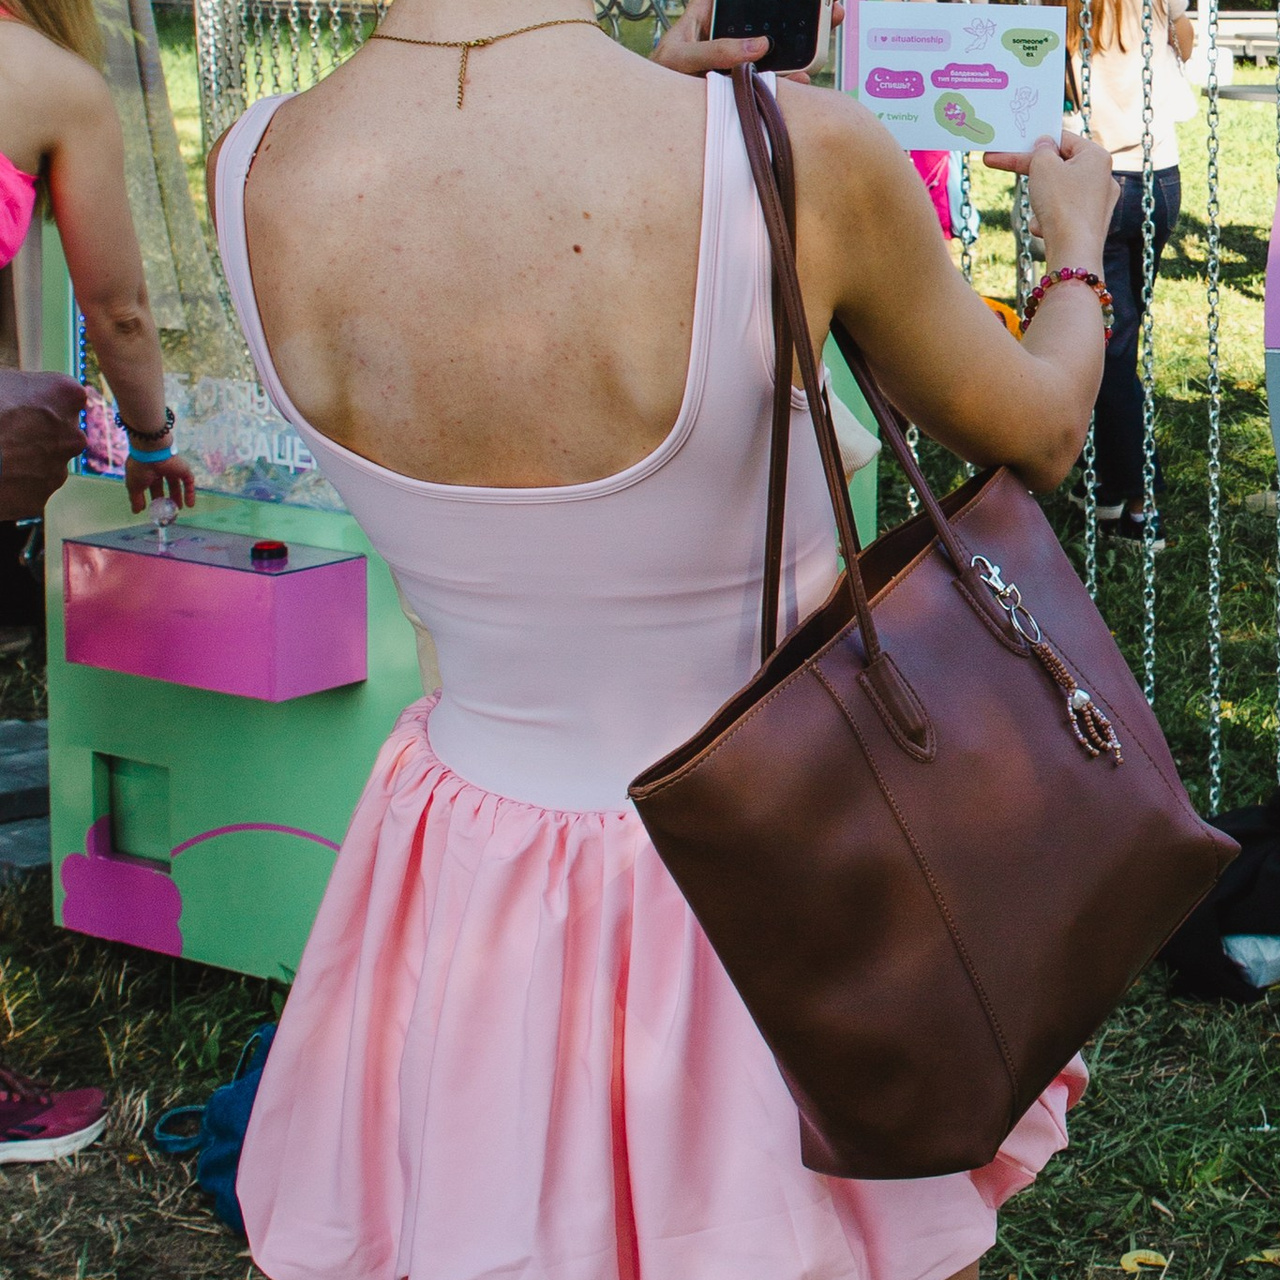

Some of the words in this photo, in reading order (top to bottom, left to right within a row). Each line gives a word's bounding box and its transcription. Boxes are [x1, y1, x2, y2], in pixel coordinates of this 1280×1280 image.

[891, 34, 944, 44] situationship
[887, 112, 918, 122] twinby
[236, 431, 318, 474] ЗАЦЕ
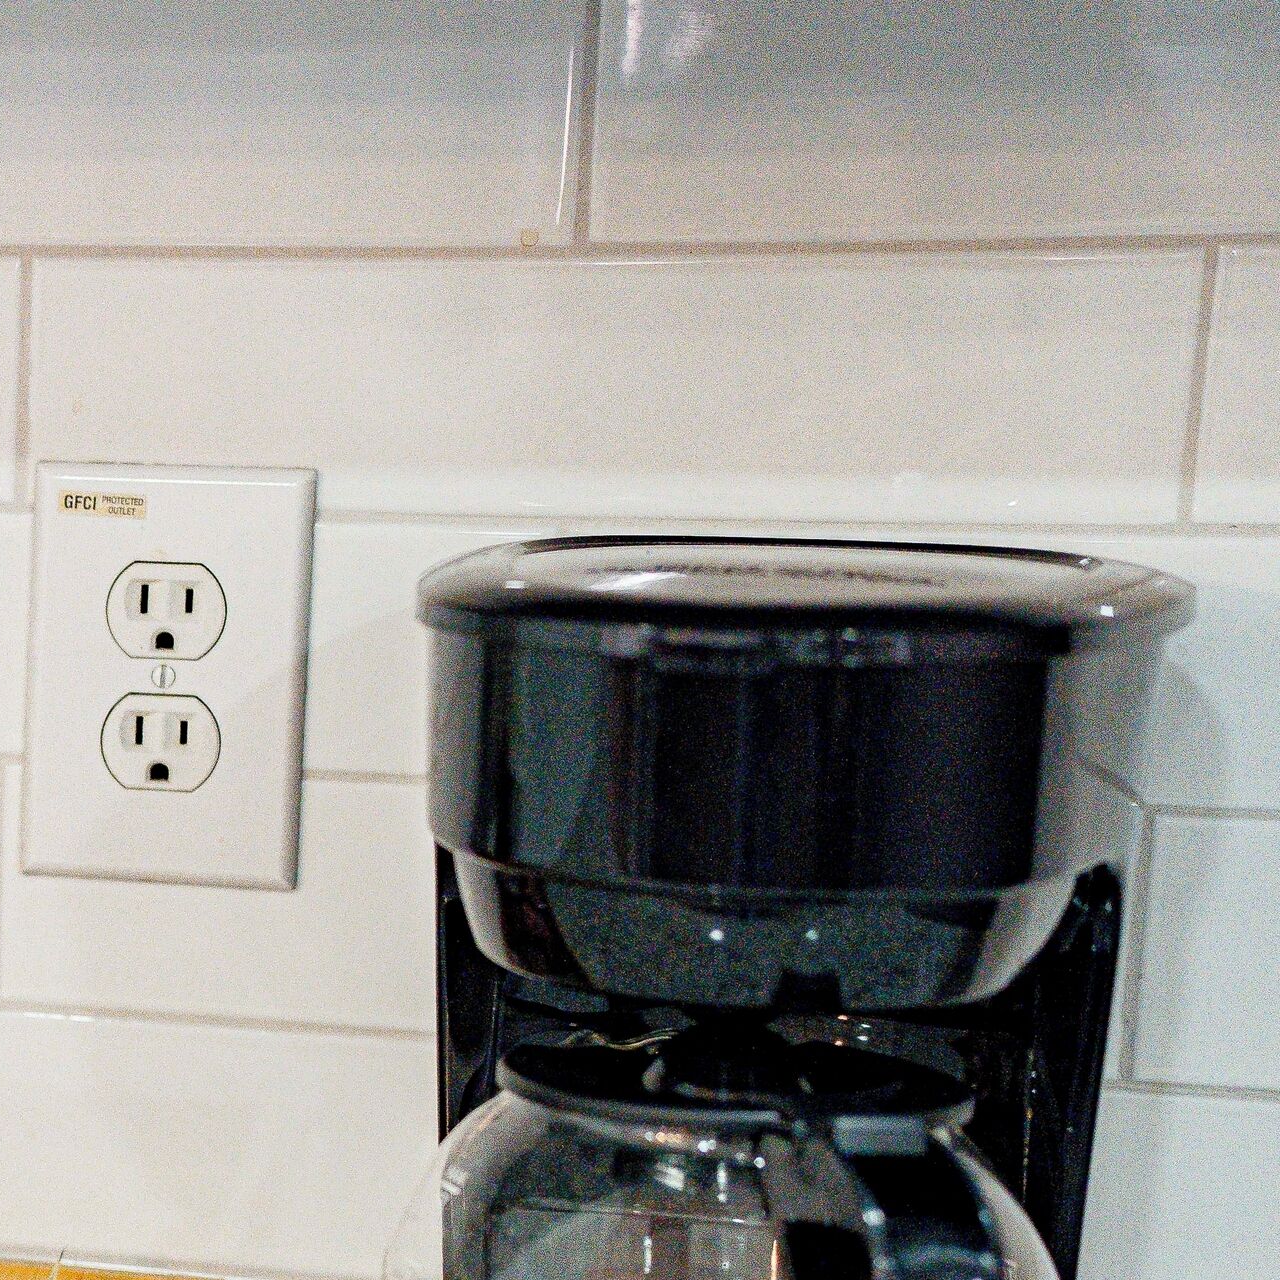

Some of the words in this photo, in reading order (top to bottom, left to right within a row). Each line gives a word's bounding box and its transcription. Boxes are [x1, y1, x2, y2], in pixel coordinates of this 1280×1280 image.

### Exercise directions
Repeat each line above exactly as it reads, omitting any pictures.

### Response area
Some of the words in this photo, in reading order (top to bottom, left to right within a row). Each line gives a word's bounding box and its transcription. Boxes are [x1, y1, x2, y2], in pixel coordinates of this 1280×1280 image.

[891, 34, 944, 44] situationship
[887, 112, 918, 122] twinby
[236, 431, 318, 474] ЗАЦЕ

Some of the words in this photo, in reading order (top to bottom, left to right within a row). Each line gives a word's bounding box and its transcription. Boxes are [x1, y1, x2, y2], in pixel coordinates of this 1280×1280 image.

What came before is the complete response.